Nata per condividere l’Amore: l’Antigone di Sofocle

All’Istituto Teologico S. Tommaso si è tenuto un convegno dedicato a Sofocle, nell’ambito del progetto decennale Conversazioni Letterarie 10.0, che da un decennio promuove incontri e approfondimenti sul patrimonio classico e contemporaneo.
Il benvenuto ai partecipanti è stato dato da don Gianni Russo, il quale ha sottolineato l’importanza di riflettere su temi eterni come giustizia, legge e coscienza, sempre attuali anche nel contesto contemporaneo.
A Tebe, Antigone disobbedisce al re Creonte, per dare degna sepoltura al fratello Polinice, morto per aver assediato la città, considerato traditore e lasciato insepolto per decreto. La sorella Antigone viene condannata a morte e da lì una serie di tragedie, conseguenze dell’orgoglio e dell’inflessibilità del potere: la morte di Emone, promesso sposo di Antigone, di Euridice rispettivamente figlio e moglie di Creonte lasciano in profonda solitudine quest’ultimo che non fa altro che maledirsi per la sua intransigenza.

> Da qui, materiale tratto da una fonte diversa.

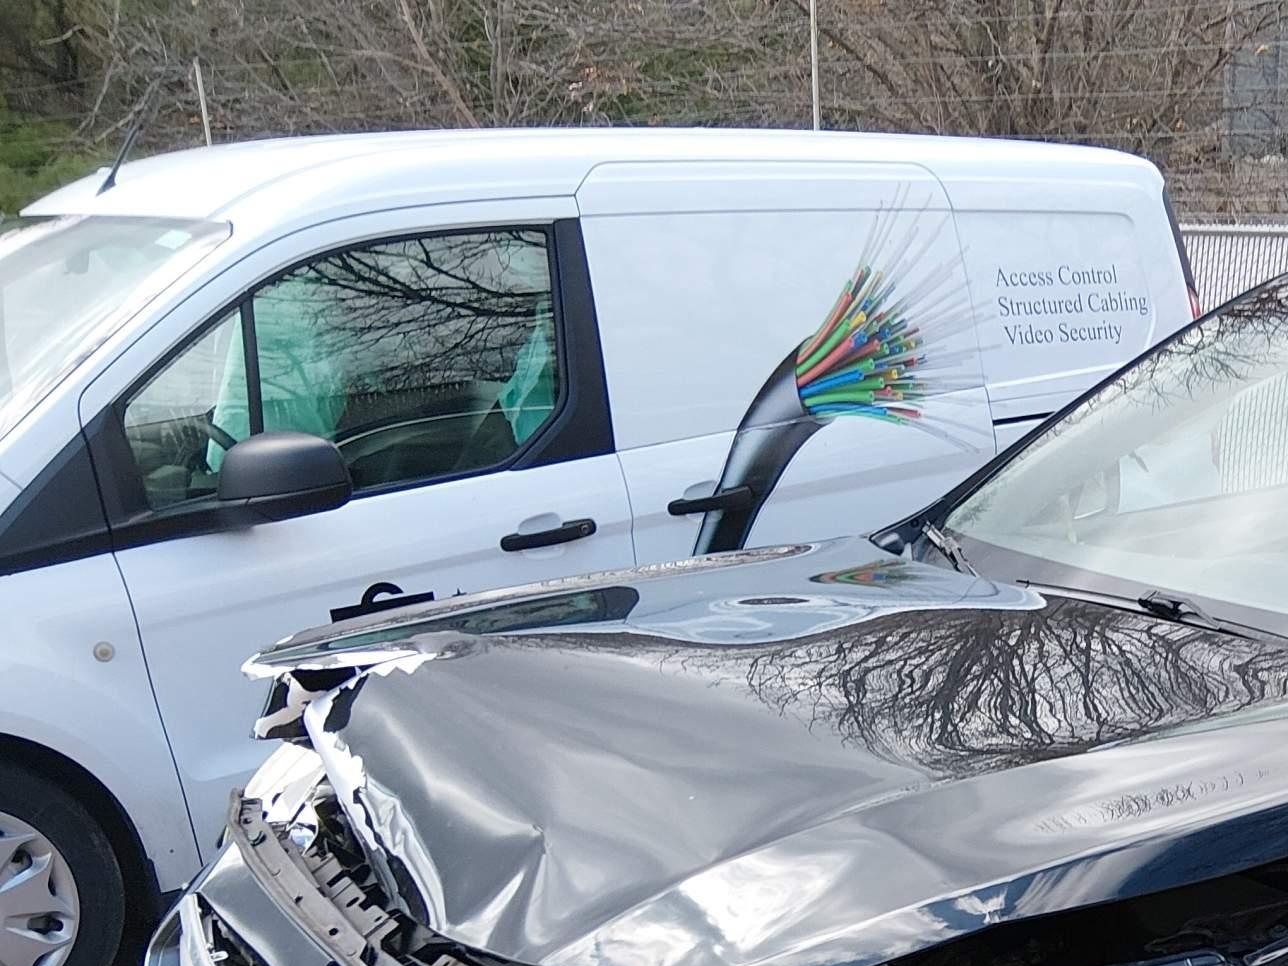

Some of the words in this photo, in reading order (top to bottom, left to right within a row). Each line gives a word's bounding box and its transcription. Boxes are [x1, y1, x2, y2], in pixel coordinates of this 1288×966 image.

[996, 267, 1054, 288] Access
[1058, 264, 1118, 286] Control
[998, 294, 1084, 317] Structured
[1087, 291, 1149, 316] Cabling
[1004, 324, 1054, 346] Video
[1058, 319, 1123, 345] Security

La relatrice, prof.ssa Maria De Luca, ha guidato i presenti attraverso l’analisi del personaggio di Antigone che rappresenta la legge morale, non scritta, contrapposta alla legge umana incarnata nella figura tracotante di Creonte. I coreuti, nel contesto, narrano la voce della coscienza collettiva e fungono da ponte tra le azioni umane e le leggi eterne, offrendo al pubblico spunti di riflessione morale e spirituale.
Un passaggio iniziale molto significativo del convegno ha riguardato il contributo di Rudolf Steiner, che nel 1984 ha censito ben 1.530 studi su Sofocle, tra traduzioni e rivisitazioni, sottolineando la ricchezza e l’attualità della tragedia. Anche Hegel ammirava profondamente l’opera, definendola “uno dei capolavori eccellenti, capace di mettere in scena il conflitto tra le diverse sfere dell’eticità”
La prof.ssa De Luca ha illustrato la tragedia riassumendone egregiamente i contenuti, auspicando che Antigone non sia solo un classico da studiare, ma un’opera che stimola il pensiero critico e invita a meditare sul delicato equilibrio tra giustizia, leggi umane e principi morali.
Il convegno si conferma un momento prezioso di dialogo culturale, capace di coniugare studi approfonditi, riflessione morale e passione per il patrimonio letterario classico.